Gardening Articles: Health :: Cooking
New Japanese Sweet Corn
by Charlie Nardozzi
Supersweet corn varieties created a revolution in the corn world when they were introduced because they allowed gardeners to harvest and keep sweet corn for weeks in the summer. However, some gardeners have objected to the sometimes tough texture and extra-sweet taste of these new hybrids.
A new supersweet corn variety is changing that perception. Mirai (meaning taste in Japanese) gained its notoriety in Japan, although its a hybrid that was originally created in Illinois. The attraction is a sweet taste thats not as sugary as other supersweet types; succulent kernels that are more tender than other supersweet types; and low starch content. However, because Mirai cant be harvested by machine, large commercial growers weren't interested. The seed made its way to Japan, where many of the sweet corn farmers are small scale, often working by hand. Its popularity spread like wildfire, and in a few years it had captured 35 percent of the sweet corn market. Inspired by this success in Japan, American market farmers have started growing 'Mirai', and now seed is available to home gardeners as well.

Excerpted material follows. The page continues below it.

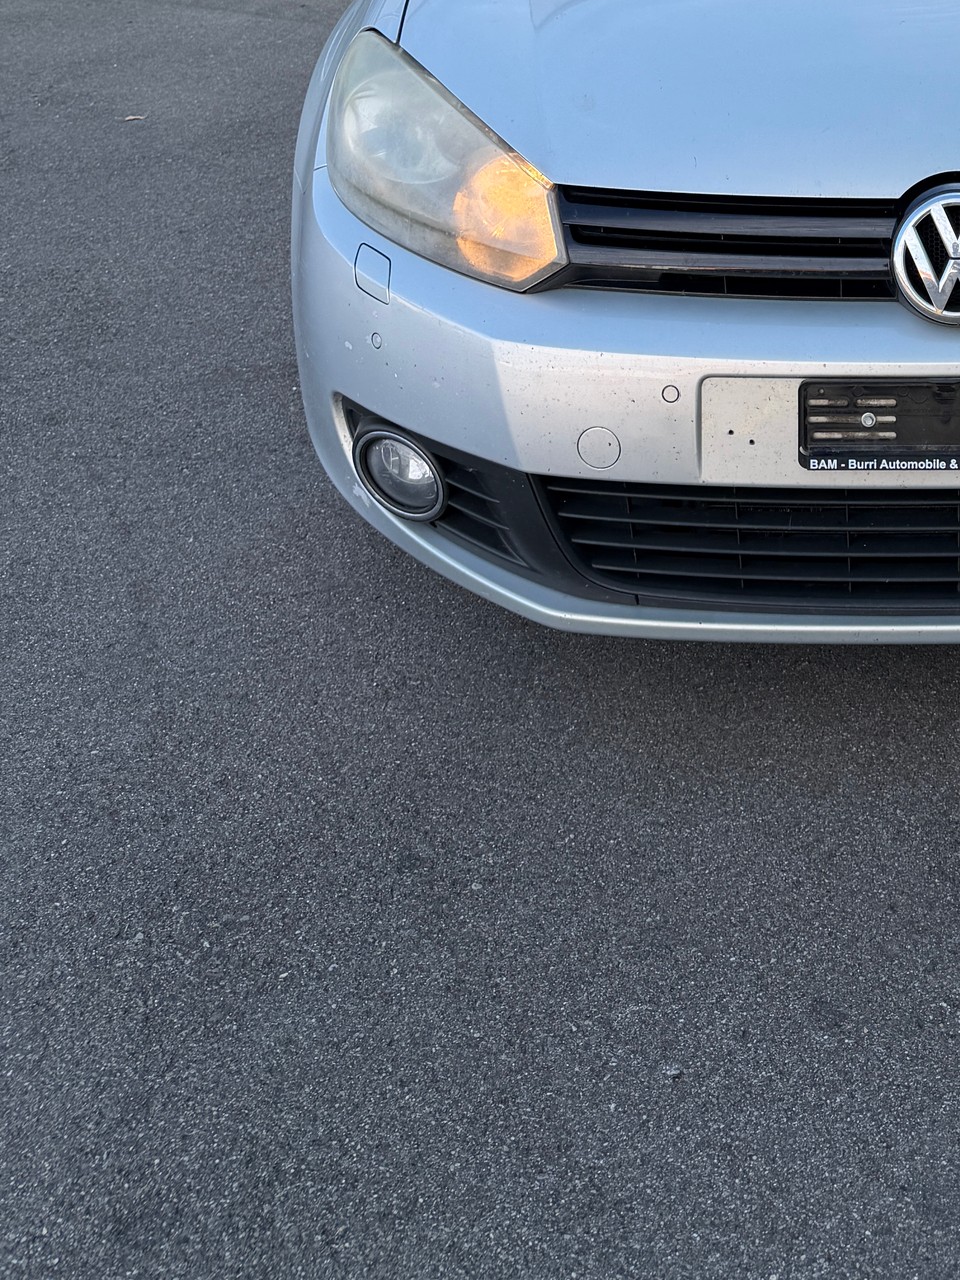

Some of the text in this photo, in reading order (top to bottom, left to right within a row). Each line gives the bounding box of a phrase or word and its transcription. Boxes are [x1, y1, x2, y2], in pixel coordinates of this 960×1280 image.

Mirai produces disease-tolerant plants that grow 6 to 7 feet tall, producing 7-inch-long yellow or bicolored ears. The ears hold their sweetness for up to six weeks if refrigerated. Mirai should be isolated from other non-supersweet varieties for best flavor. The seed is finicky about germinating in cool soils, so it should be planted later and shallower than other sweet corn varieties.